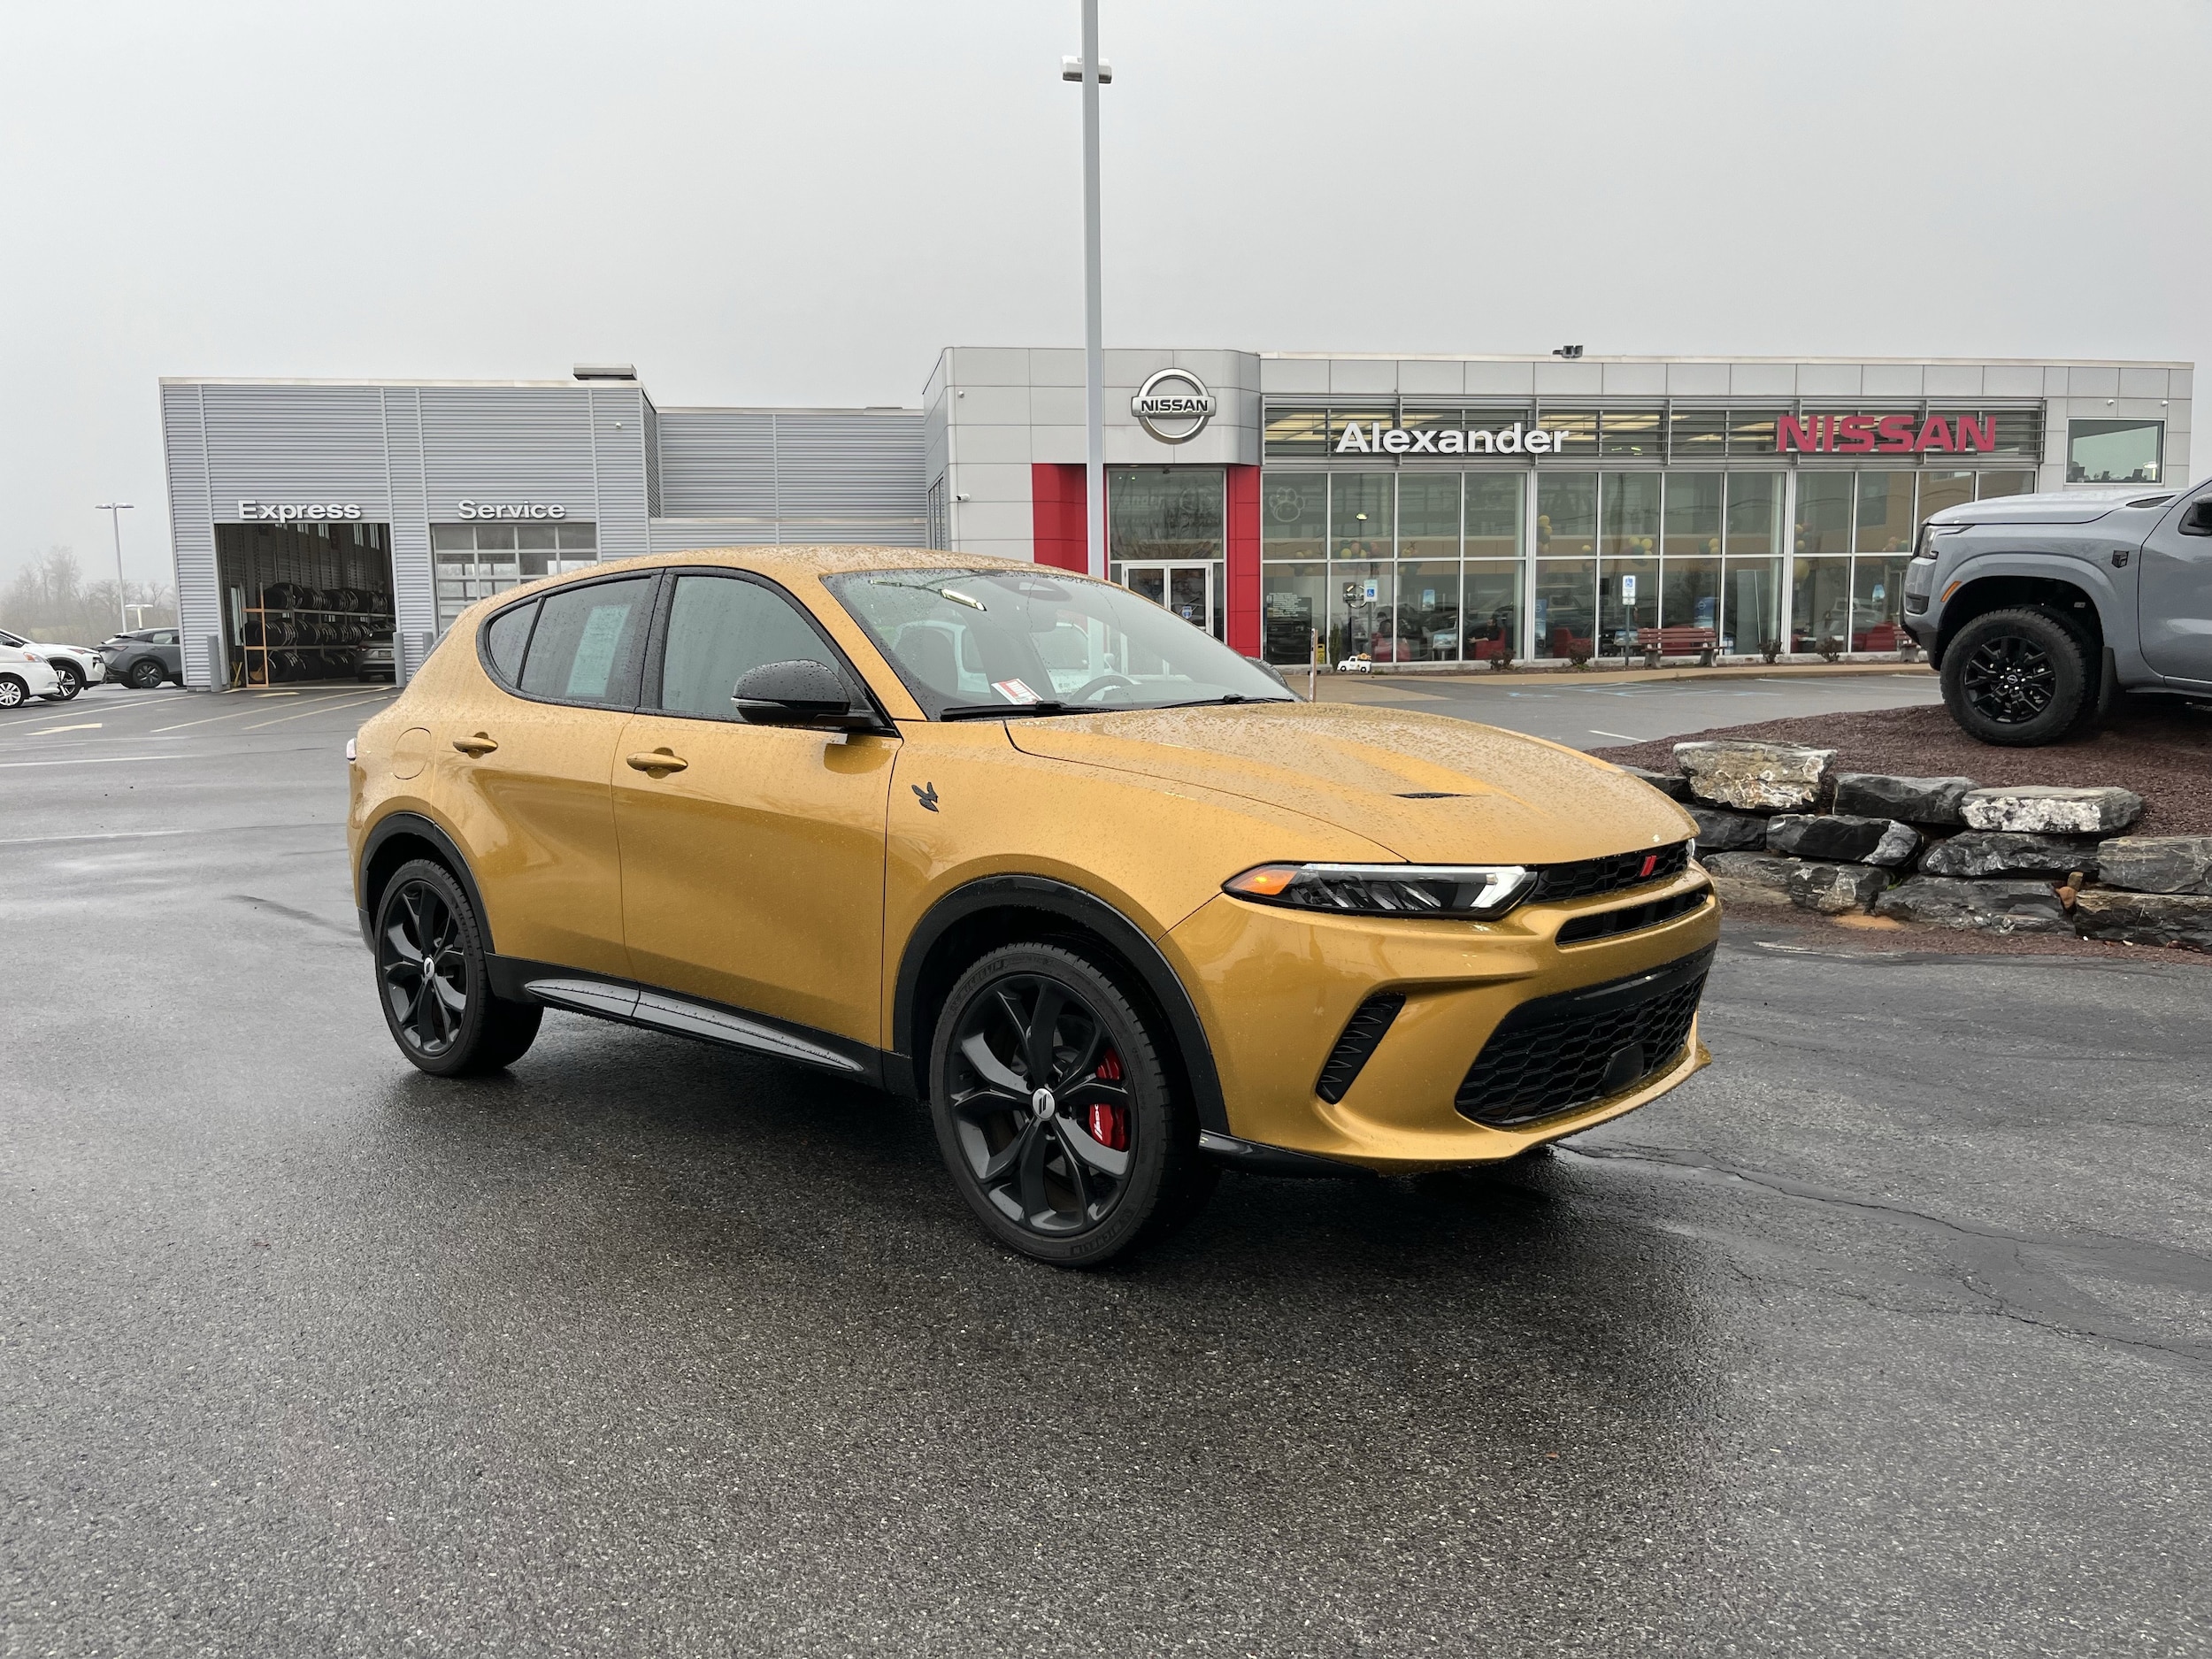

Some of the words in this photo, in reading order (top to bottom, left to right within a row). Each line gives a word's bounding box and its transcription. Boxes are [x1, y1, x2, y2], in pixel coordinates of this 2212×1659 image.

[1141, 400, 1209, 413] NISSAN
[1334, 422, 1571, 454] Alexander
[1776, 415, 1997, 453] NISSAN
[237, 499, 362, 523] Express
[457, 499, 566, 519] Service
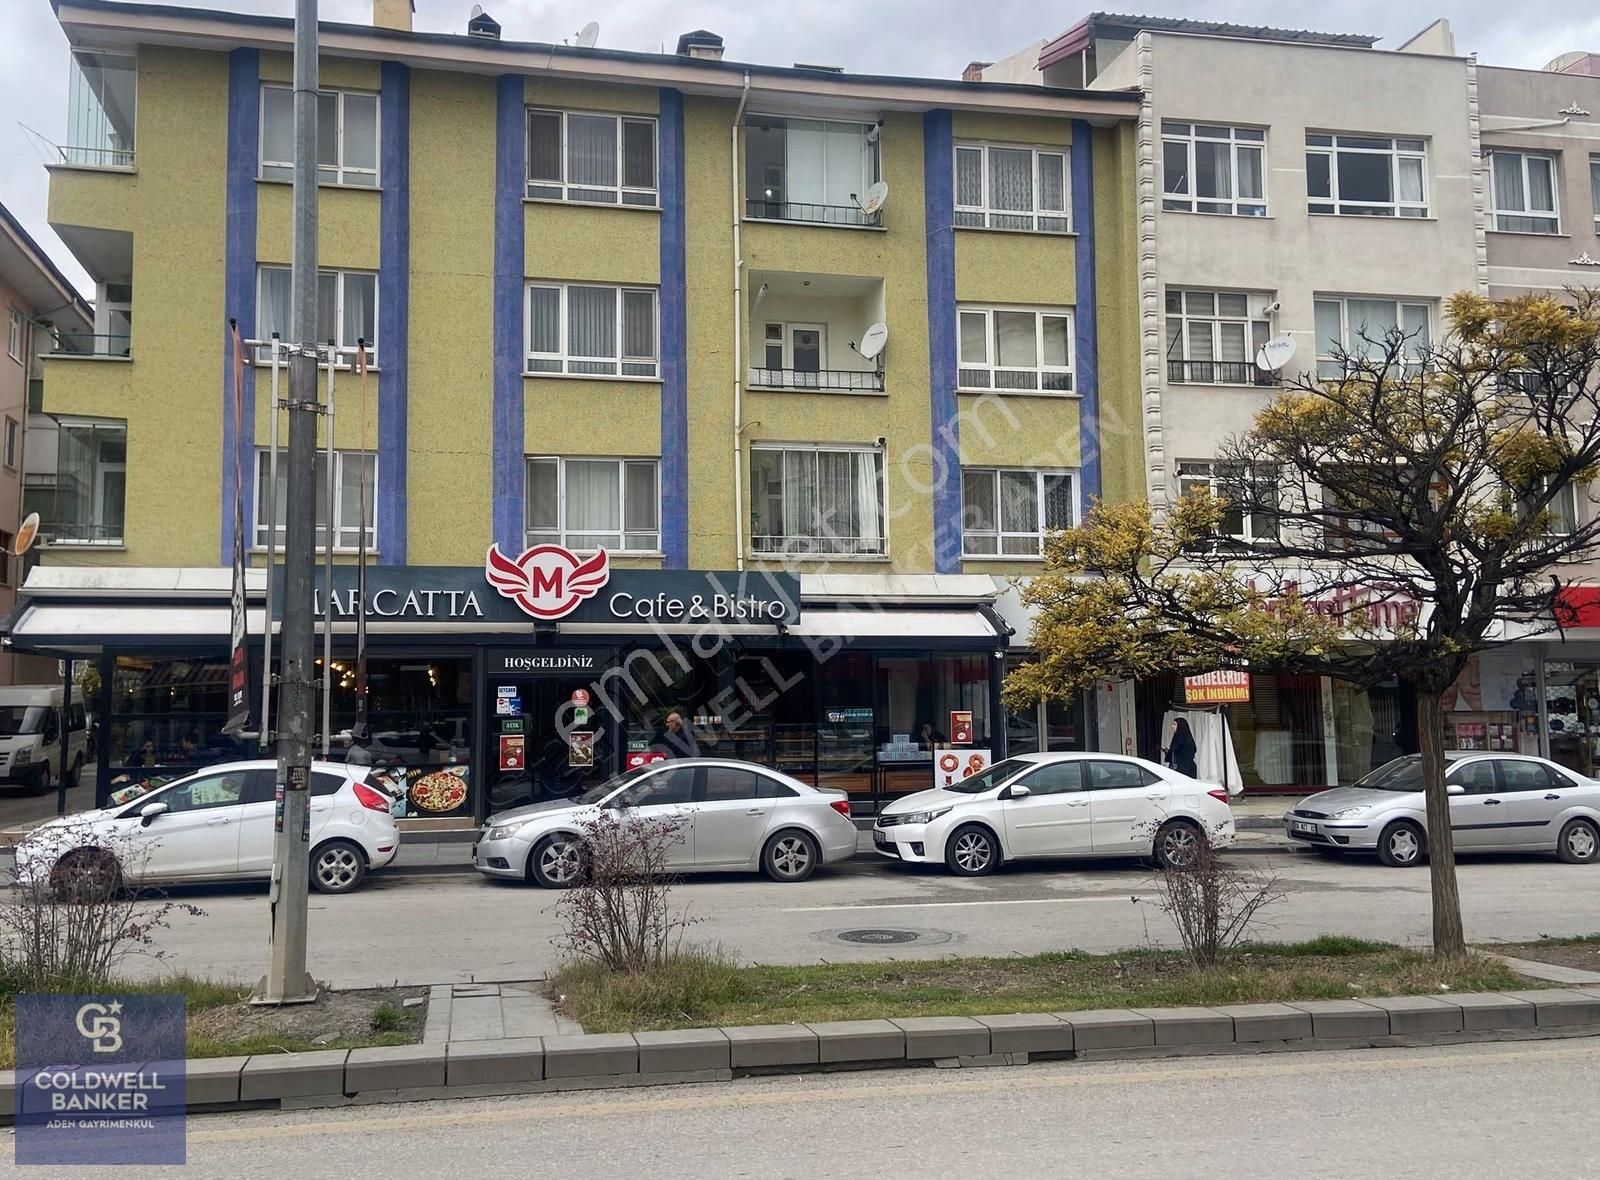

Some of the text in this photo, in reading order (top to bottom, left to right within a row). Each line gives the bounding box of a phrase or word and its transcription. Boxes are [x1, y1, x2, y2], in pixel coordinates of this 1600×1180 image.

[531, 566, 563, 599] M
[504, 654, 593, 670] HOŞGELDİNİZ
[1186, 688, 1205, 703] ŞOK
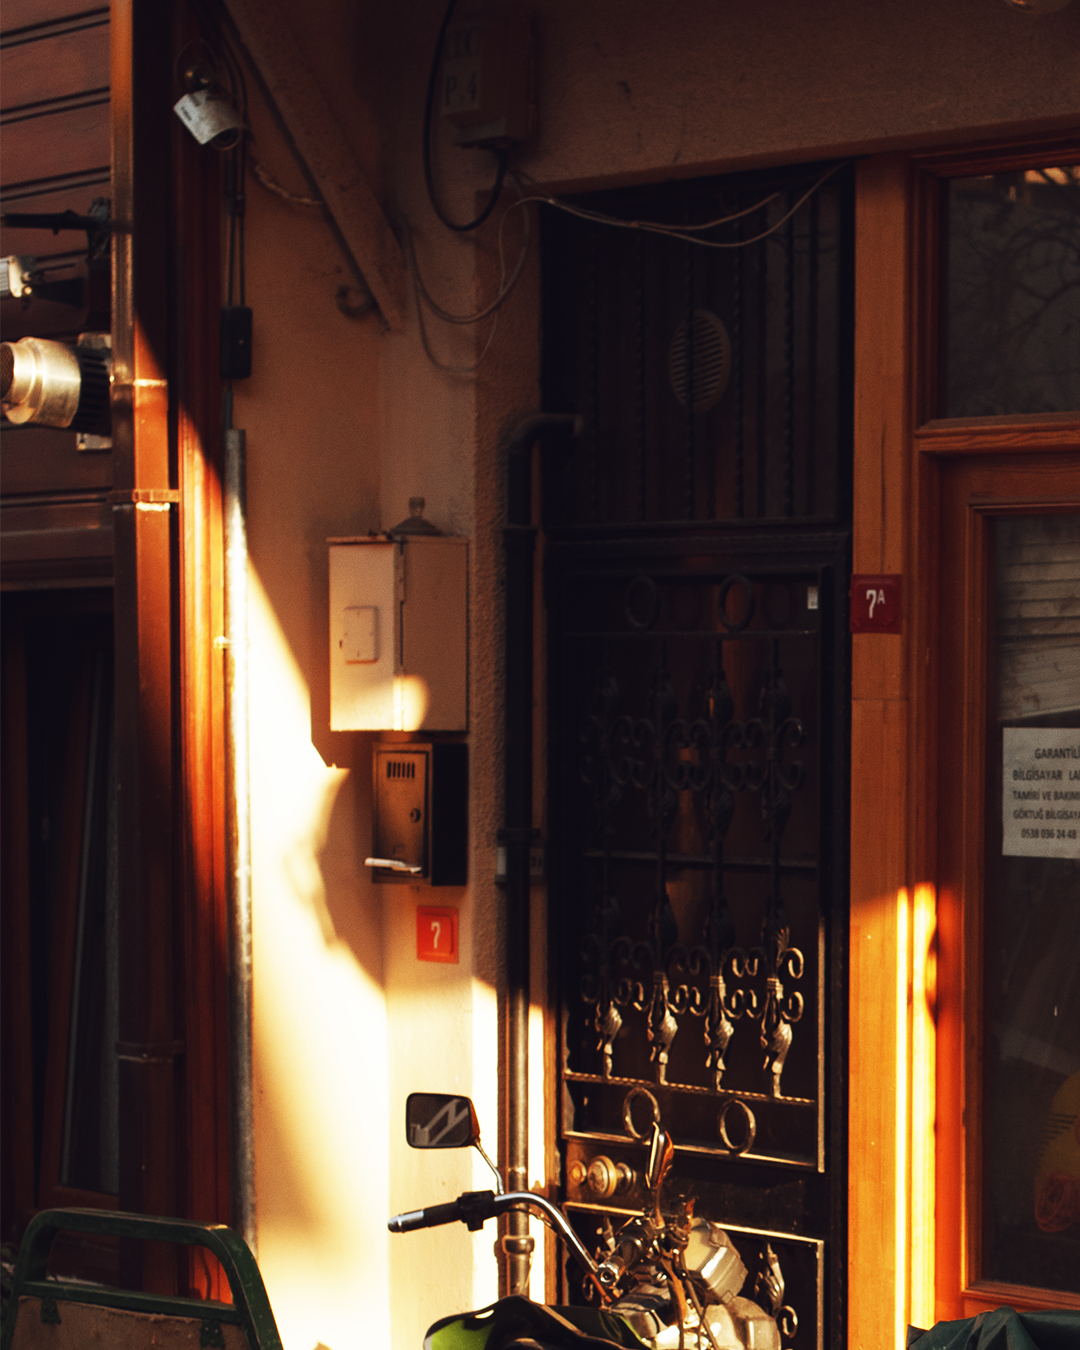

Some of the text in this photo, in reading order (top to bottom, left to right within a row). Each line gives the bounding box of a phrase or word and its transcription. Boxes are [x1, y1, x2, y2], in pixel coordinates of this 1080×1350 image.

[866, 589, 886, 619] 7A
[1035, 745, 1080, 759] GARANTİLİ
[1013, 767, 1062, 780] BİLGİSAYAR
[1042, 791, 1051, 801] VE
[431, 921, 441, 949] 7
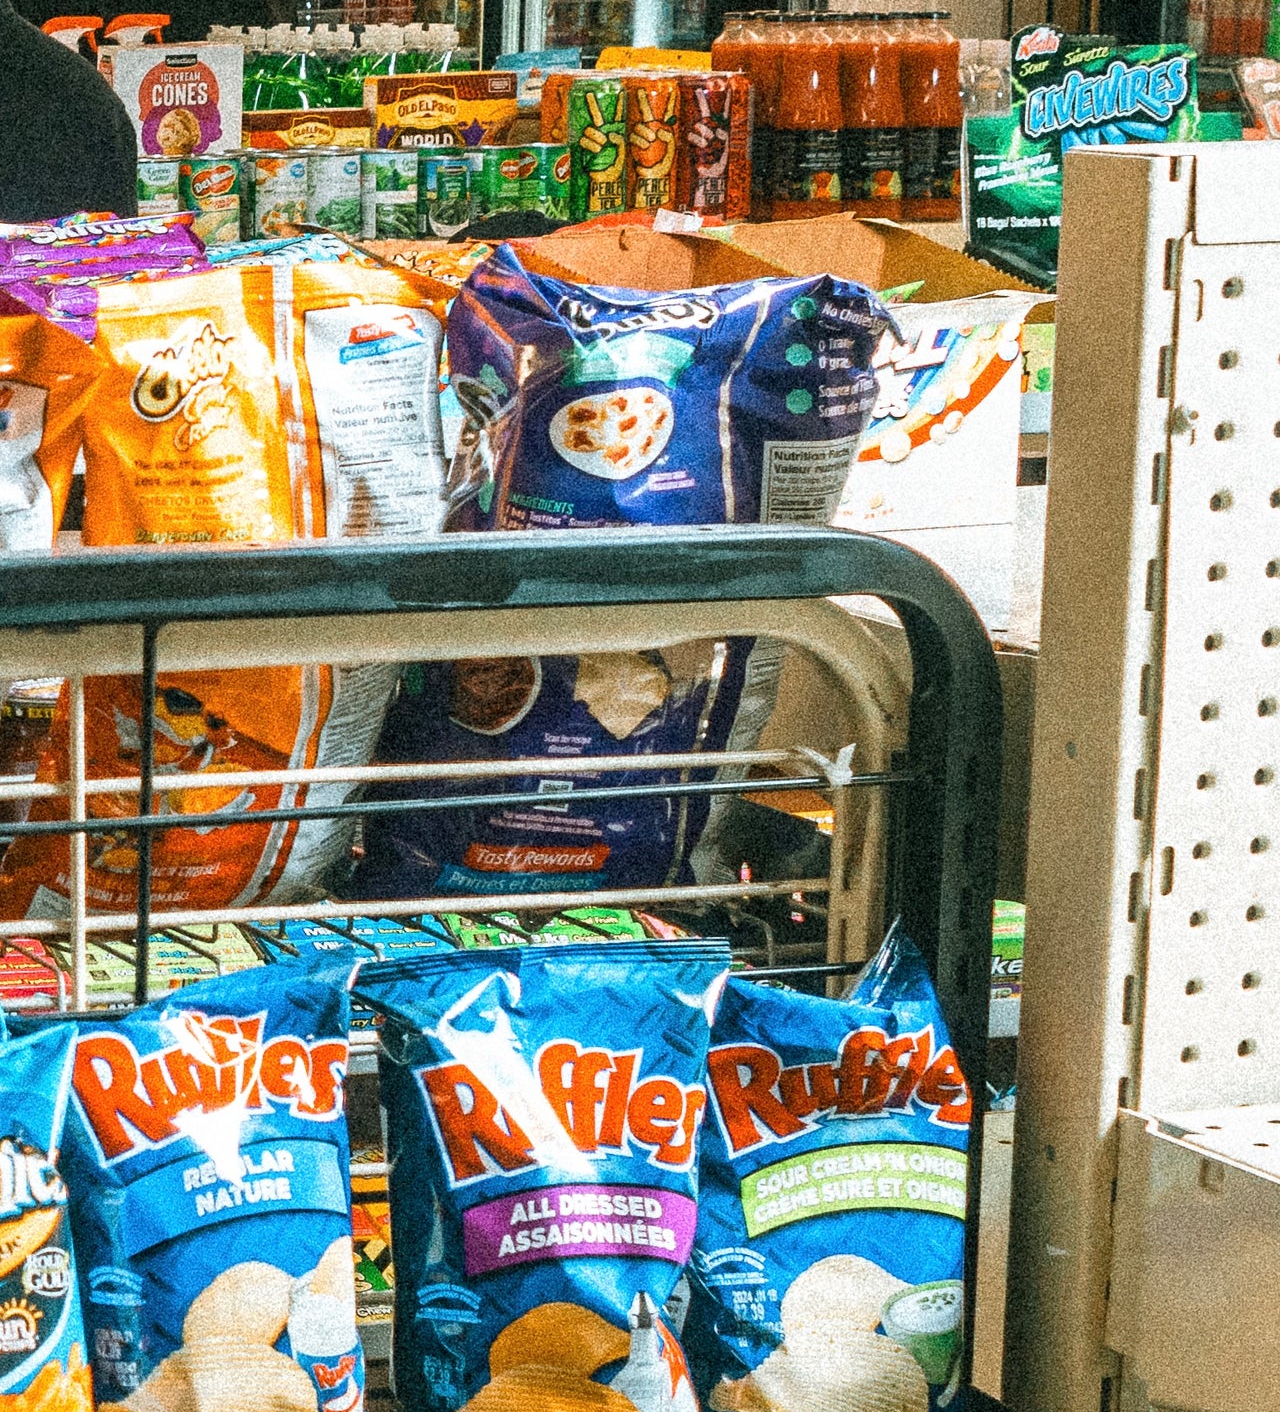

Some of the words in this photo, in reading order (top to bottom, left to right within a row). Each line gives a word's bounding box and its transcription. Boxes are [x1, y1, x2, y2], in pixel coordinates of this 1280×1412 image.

[160, 72, 174, 83] ICE
[175, 71, 201, 82] CREAM
[1020, 60, 1050, 78] Sour
[151, 82, 209, 107] CONES
[1027, 59, 1189, 136] LIVEWIRES
[638, 178, 670, 194] PEACE
[822, 304, 837, 317] No
[383, 400, 414, 410] Facts
[334, 416, 369, 429] Valeur
[773, 451, 825, 463] Nutrition
[773, 463, 812, 474] Valeur
[476, 849, 521, 867] Tasty
[523, 849, 596, 866] Rewards
[706, 1025, 973, 1157] Ruffles
[756, 1161, 810, 1199] SOUR
[810, 1151, 881, 1182] CREAM
[195, 1181, 292, 1217] NATURE
[510, 1199, 556, 1224] ALL
[557, 1191, 663, 1221] DRESSED
[753, 1187, 821, 1224] CRÈME
[822, 1180, 874, 1208] SURE
[877, 1176, 902, 1203] ET
[498, 1219, 677, 1258] ASSAISONNÉES
- - -
▶ **EXERCISE**
Copy exactly the lines that begin with the one containing "this 1280×1412 image." and continue to the end of the records, both included, and nothing more.

▶ **ANSWER SPACE**
Some of the words in this photo, in reading order (top to bottom, left to right within a row). Each line gives a word's bounding box and its transcription. Boxes are [x1, y1, x2, y2], in pixel coordinates of this 1280×1412 image.

[160, 72, 174, 83] ICE
[175, 71, 201, 82] CREAM
[1020, 60, 1050, 78] Sour
[151, 82, 209, 107] CONES
[1027, 59, 1189, 136] LIVEWIRES
[638, 178, 670, 194] PEACE
[822, 304, 837, 317] No
[383, 400, 414, 410] Facts
[334, 416, 369, 429] Valeur
[773, 451, 825, 463] Nutrition
[773, 463, 812, 474] Valeur
[476, 849, 521, 867] Tasty
[523, 849, 596, 866] Rewards
[706, 1025, 973, 1157] Ruffles
[756, 1161, 810, 1199] SOUR
[810, 1151, 881, 1182] CREAM
[195, 1181, 292, 1217] NATURE
[510, 1199, 556, 1224] ALL
[557, 1191, 663, 1221] DRESSED
[753, 1187, 821, 1224] CRÈME
[822, 1180, 874, 1208] SURE
[877, 1176, 902, 1203] ET
[498, 1219, 677, 1258] ASSAISONNÉES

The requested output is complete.